I sometimes wish I could ask her things as if I were another person, not me, not Myrtle.  First and foremost, I would ask her what is the hardest part about loving me, for I would do most anything to make that cross easier for her to bear.  It is a cross.  I know it.  I would think that the hardest part of our fifteen year friendship is that I doubt that she will continue to love, will continue to want me in her life.  To be fair, that is the kind of relationship outcome I learned as a child.  And, to be fair, I cannot actually remember the bulk of those fifteen years because of my blasted brain cells.  Yet I know those 15 years have passed as a fact even if not as a memory that I can re-live.  I should trust that. 

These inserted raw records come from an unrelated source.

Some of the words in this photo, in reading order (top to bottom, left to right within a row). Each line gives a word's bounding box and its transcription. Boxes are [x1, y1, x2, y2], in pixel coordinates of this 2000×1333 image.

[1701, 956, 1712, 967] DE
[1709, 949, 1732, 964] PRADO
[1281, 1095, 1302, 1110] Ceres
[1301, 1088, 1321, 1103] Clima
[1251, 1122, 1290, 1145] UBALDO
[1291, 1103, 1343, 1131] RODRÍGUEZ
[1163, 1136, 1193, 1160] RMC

I have changed.  The wailing has ceased.  The weeping, for loss and grief, will ease when it eases.  Doubts and fears and terrors and worries still exist.  Yet I also understand that which I hoped would be possible is not  and most likely will never be and I have laid that hope down.  In the laying down has come balance.  And in all those Psalms have come peace.

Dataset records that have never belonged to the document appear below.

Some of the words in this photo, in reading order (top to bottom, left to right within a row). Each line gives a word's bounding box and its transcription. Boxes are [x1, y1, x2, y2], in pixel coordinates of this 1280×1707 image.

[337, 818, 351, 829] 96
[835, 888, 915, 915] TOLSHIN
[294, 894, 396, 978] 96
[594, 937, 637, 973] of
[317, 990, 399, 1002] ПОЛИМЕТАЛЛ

In no small part, I have also changed because I am more at ease with her friendship than I have ever been...more joyful, actually.  What an amazing gift God has given me born from a terrible, terrible cross!  Such is faith.  Such is the life He has for us.

So, this night, is in part peaceful because of Sunshine's companionship and her selfless collating and folding of the 100 copies of the Dare to Read:  The Book of Concord booklets that have been sitting in a box for a couple of months, is an easier night to bear. 

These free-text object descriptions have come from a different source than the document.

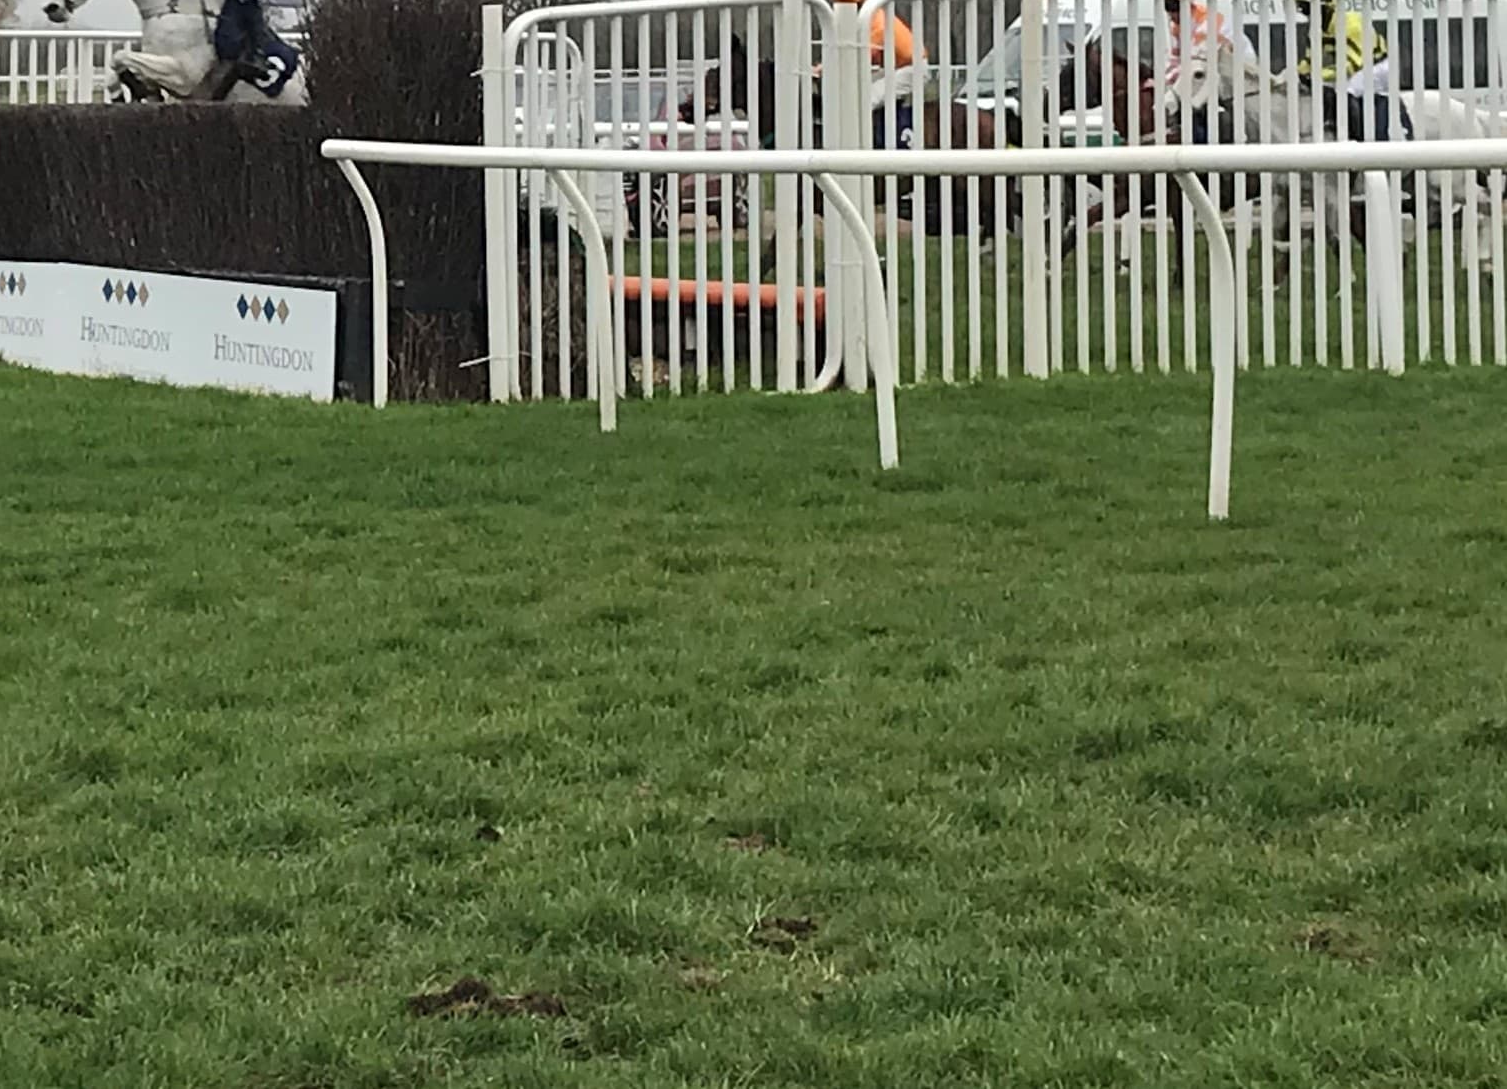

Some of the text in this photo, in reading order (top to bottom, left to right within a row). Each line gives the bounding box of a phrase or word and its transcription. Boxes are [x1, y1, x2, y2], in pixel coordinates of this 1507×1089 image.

[1232, 0, 1276, 14] IGH
[255, 55, 286, 88] 3
[80, 316, 172, 351] HUNTINGDON
[213, 333, 313, 372] HUNTINGDON
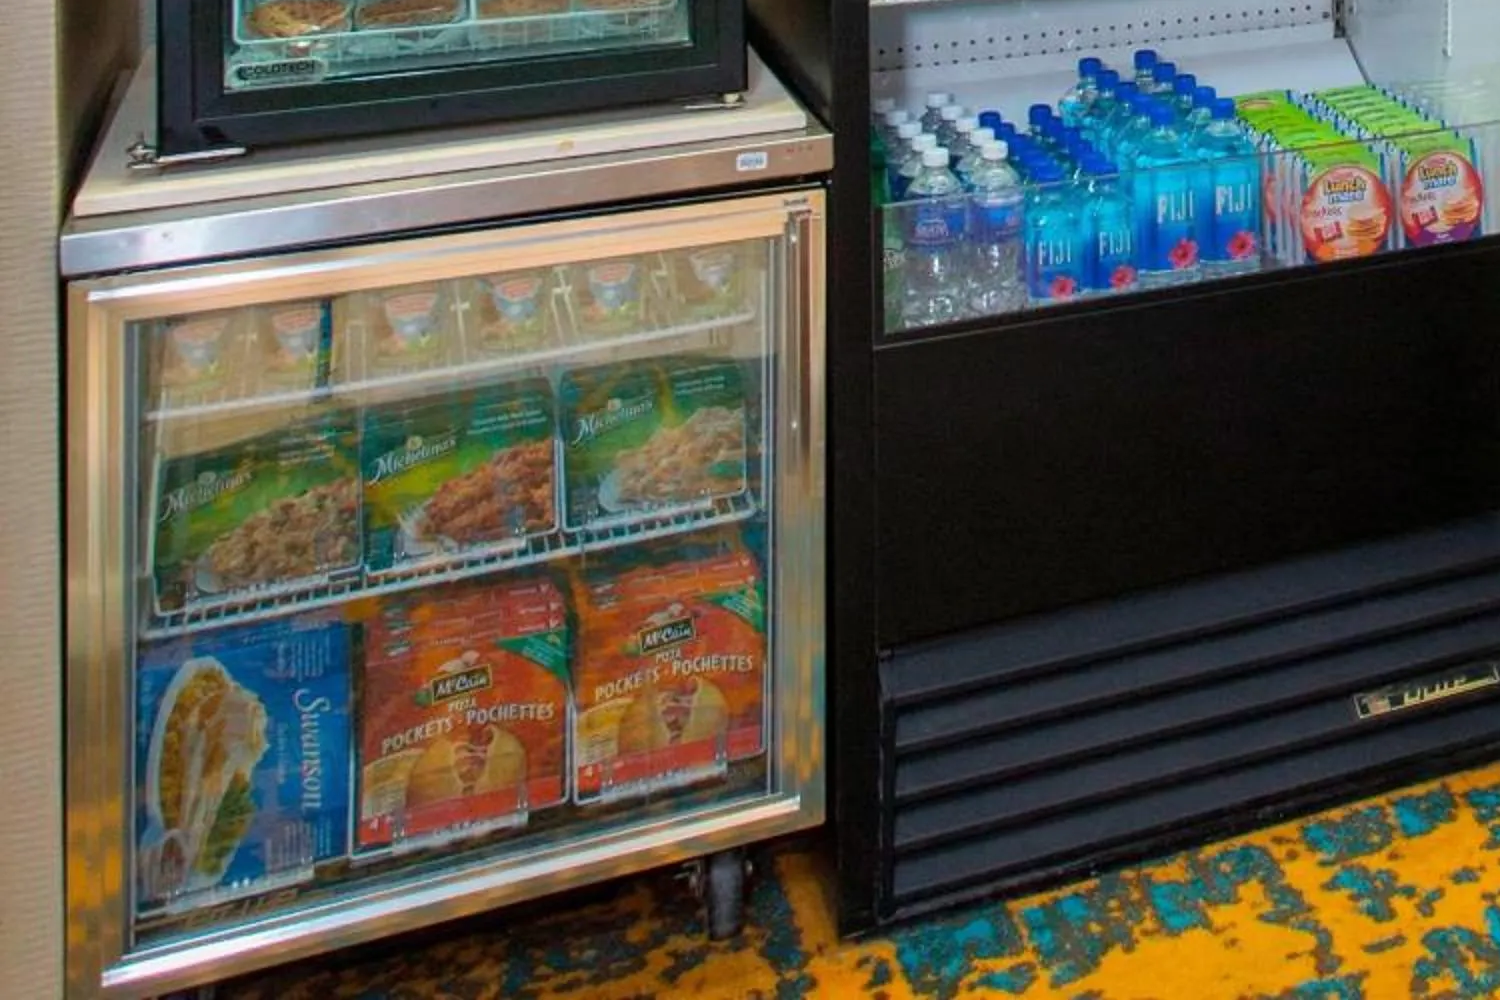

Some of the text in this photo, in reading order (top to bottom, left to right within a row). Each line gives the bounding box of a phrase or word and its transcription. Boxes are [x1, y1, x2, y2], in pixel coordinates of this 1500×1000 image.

[1156, 190, 1194, 225] FIJI
[1215, 183, 1252, 216] FIJI
[1038, 238, 1072, 266] FIJI
[1099, 231, 1132, 257] FIJI
[643, 624, 692, 648] McCain
[671, 654, 753, 677] POCHETTES
[381, 702, 555, 755] POCKETS POCHETTES
[292, 687, 332, 811] Swanson

It is also an easier night because I know, when Bettina and I talk next, I can bewail and bemoan the absolute misery I am in due to pain and the bone deep fatigue.  She will listen, love me, and pray for me.  She will, as she is wont to do, search for some little way I can do something easier, some bit of organization or some process, or some remembering help, and she will tell me to take better care of her best friend.  But she will also accept me as I am.  She will let me voice my pain and not take it as complaint.  She will let me voice my fears and not take it as criticism.  She will let me voice my heart and merely take it as wanting not to be alone in those things.

She will love me in such a way as I can understand--juggling the needs of her family with our friendship as best she can--patiently and selflessly, reflecting the love and mercy of Christ to me, because she is forgiven and she is loved by the Good Shepherd who is also the Lamb who takes away the sins of the world.

As silly as it sounds, my prayer would be that everyone have a Bettina in their lives.  I pray that everyone would have a Sunshine to shower mercy and a Manna to reach out and touch and a Brother Goose to ask questions that they might learn that which is missing in their life, in their heart.

We have entered Advent today, that ineffably joyous time of reflecting on the many ways Christ comes to us.  Today, He came to me in a dear woman who traced the cross on my forehead after I was served the Eucharist so that I might have the tangible reminder I need.  Today, He came to me in a brother who labored long and hard in my yard.  Yesterday, He came to me in a writing student who took from her college holiday break to help me in my yard.  This week, He came to me in an adoptive brother who carved out a smidge of time to pray the Psalter with me for courage to walk through a door.  This month, He came to me in a realtor who has poured out her life in finding me a home to buy, sight unseen, so that I can start a new life.  This summer, He came to me in a woman who offered to scrub my tub and another woman who offered to read the Living Word to me and sing hymns to me.  This spring, He came to me in a man who offered to be my brother, both men who have more on their plates than any three men should have.  Last year, He came to me in the pure doctrine of the Lutheran Confession and in the holy waters of Baptism and in the Eucharist and in the Word of Absolution.  Fifteen years ago, He came to me in a woman who sat in one of my classes, who would end up loving me as He does so that I might taste and see that I am loved.  Thirty-two years ago, He came to me in a single verse of the Living Word that has deepened into an ardent passion and hunger for the Gospel and the promises of God.  Two thousand years ago, He came to me in a broken and bruised body, put to death in abject shame, that I might know forgiveness.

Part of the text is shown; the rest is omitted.